What to produce: Could you reproduce all the entries under this sentence exactly, leaving the images aside?

Material provided:
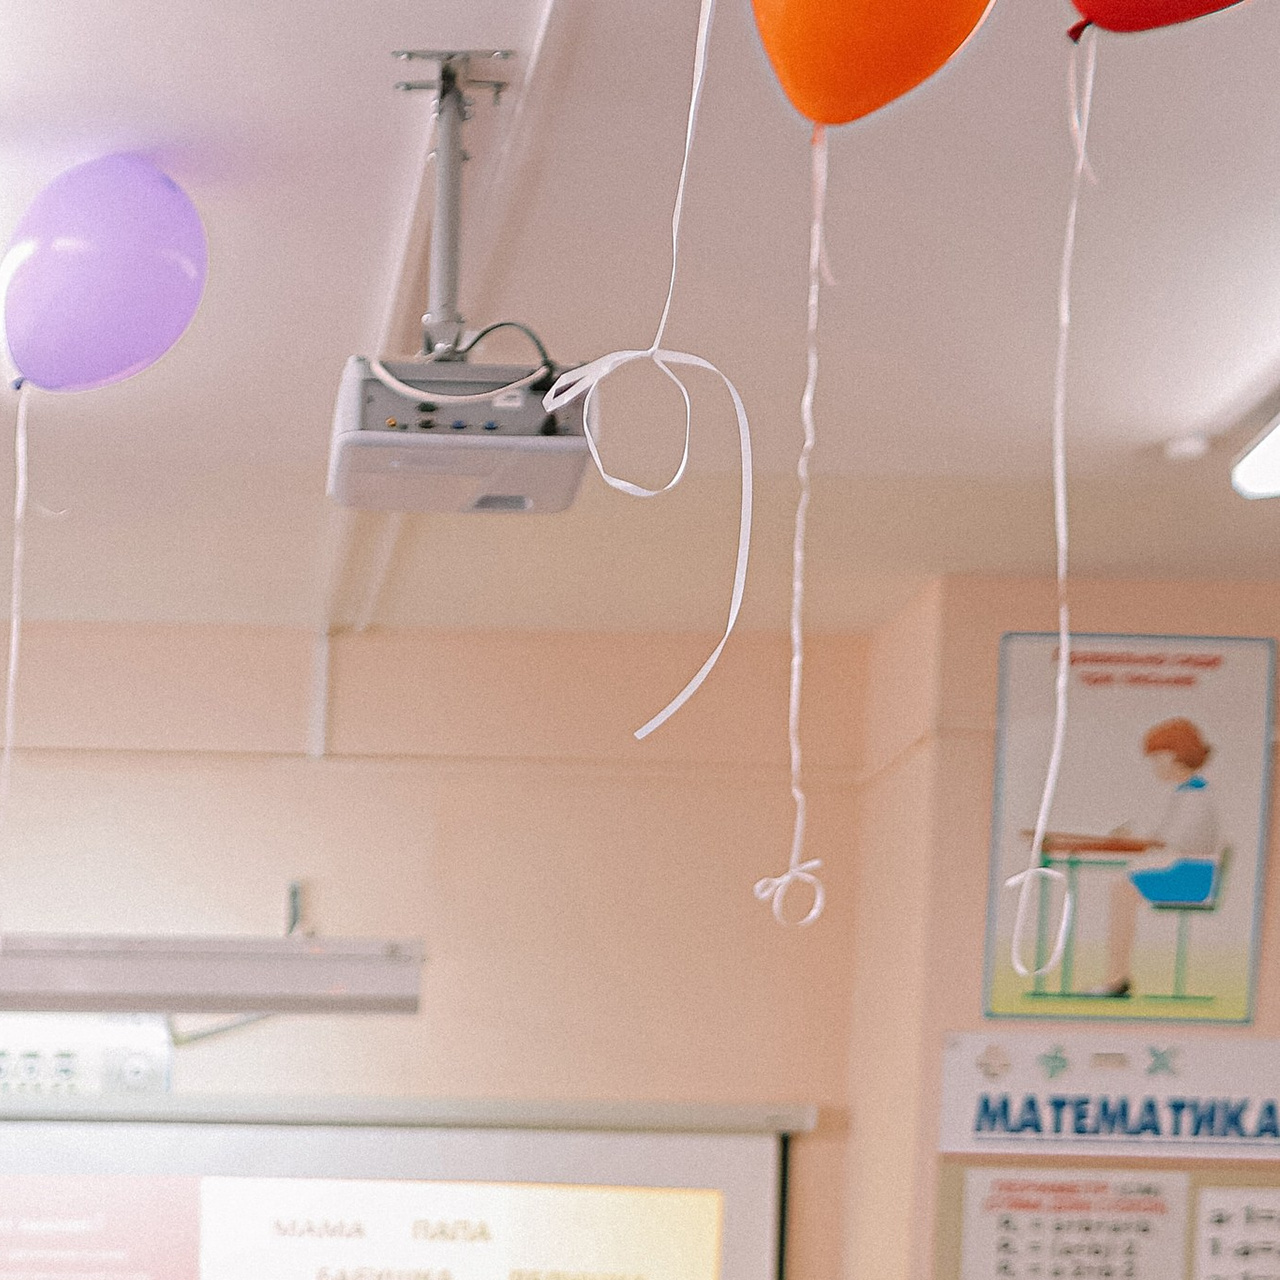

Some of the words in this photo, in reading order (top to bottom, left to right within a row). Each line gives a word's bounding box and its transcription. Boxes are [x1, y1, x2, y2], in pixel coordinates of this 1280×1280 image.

[974, 1092, 1280, 1138] МАТЕМАТИКА
[273, 1218, 366, 1239] МАМА
[410, 1218, 493, 1242] ПАПА
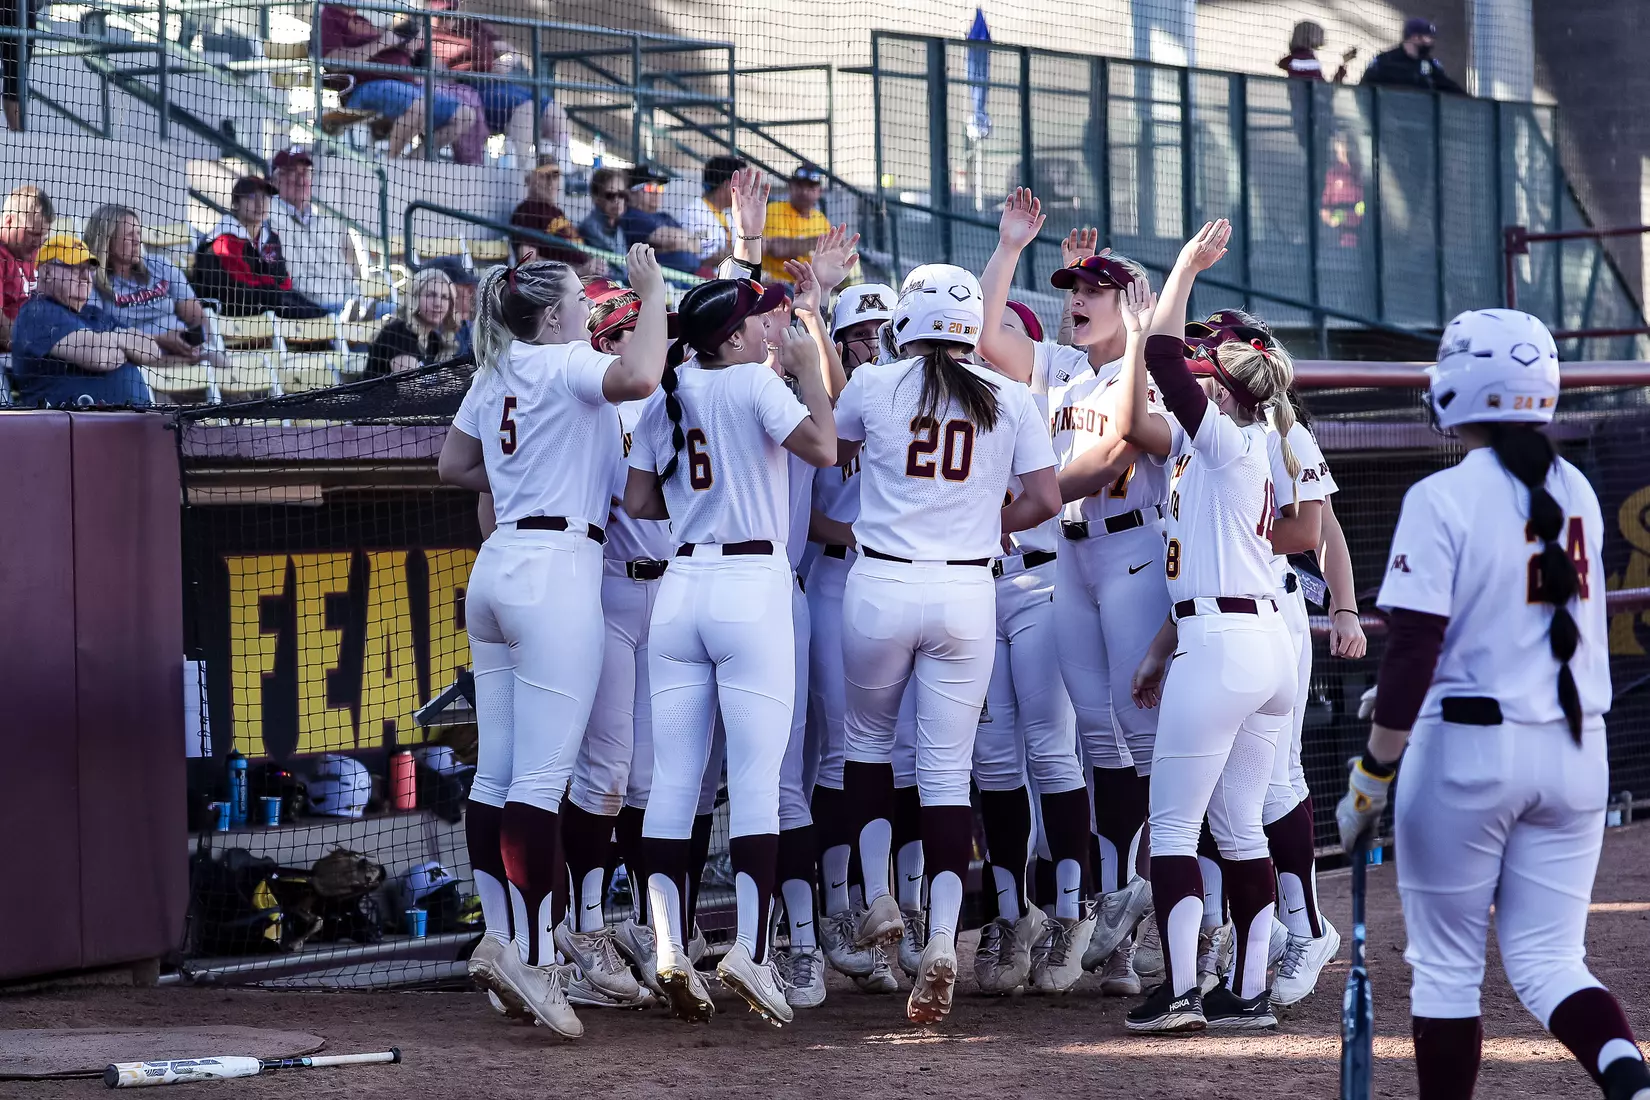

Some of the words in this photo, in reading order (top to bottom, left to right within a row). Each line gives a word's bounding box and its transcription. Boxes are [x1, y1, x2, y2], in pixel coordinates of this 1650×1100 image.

[855, 293, 888, 314] M
[948, 322, 963, 335] 20
[1513, 396, 1533, 410] 24
[498, 395, 519, 456] 5
[685, 427, 715, 492] 6
[905, 415, 976, 484] 20
[1300, 468, 1321, 483] M
[1165, 537, 1182, 581] 8
[1168, 999, 1191, 1012] HOKA

Solution to the exercise:
Some of the words in this photo, in reading order (top to bottom, left to right within a row). Each line gives a word's bounding box and its transcription. Boxes are [x1, y1, x2, y2], in pixel coordinates of this 1280×1280 image.

[974, 1092, 1280, 1138] МАТЕМАТИКА
[273, 1218, 366, 1239] МАМА
[410, 1218, 493, 1242] ПАПА

Some of the words in this photo, in reading order (top to bottom, left to right within a row). Each line gives a word's bounding box and its transcription. Boxes are [x1, y1, x2, y2], in pixel coordinates of this 1650×1100 image.

[855, 293, 888, 314] M
[948, 322, 963, 335] 20
[1513, 396, 1533, 410] 24
[498, 395, 519, 456] 5
[685, 427, 715, 492] 6
[905, 415, 976, 484] 20
[1300, 468, 1321, 483] M
[1165, 537, 1182, 581] 8
[1168, 999, 1191, 1012] HOKA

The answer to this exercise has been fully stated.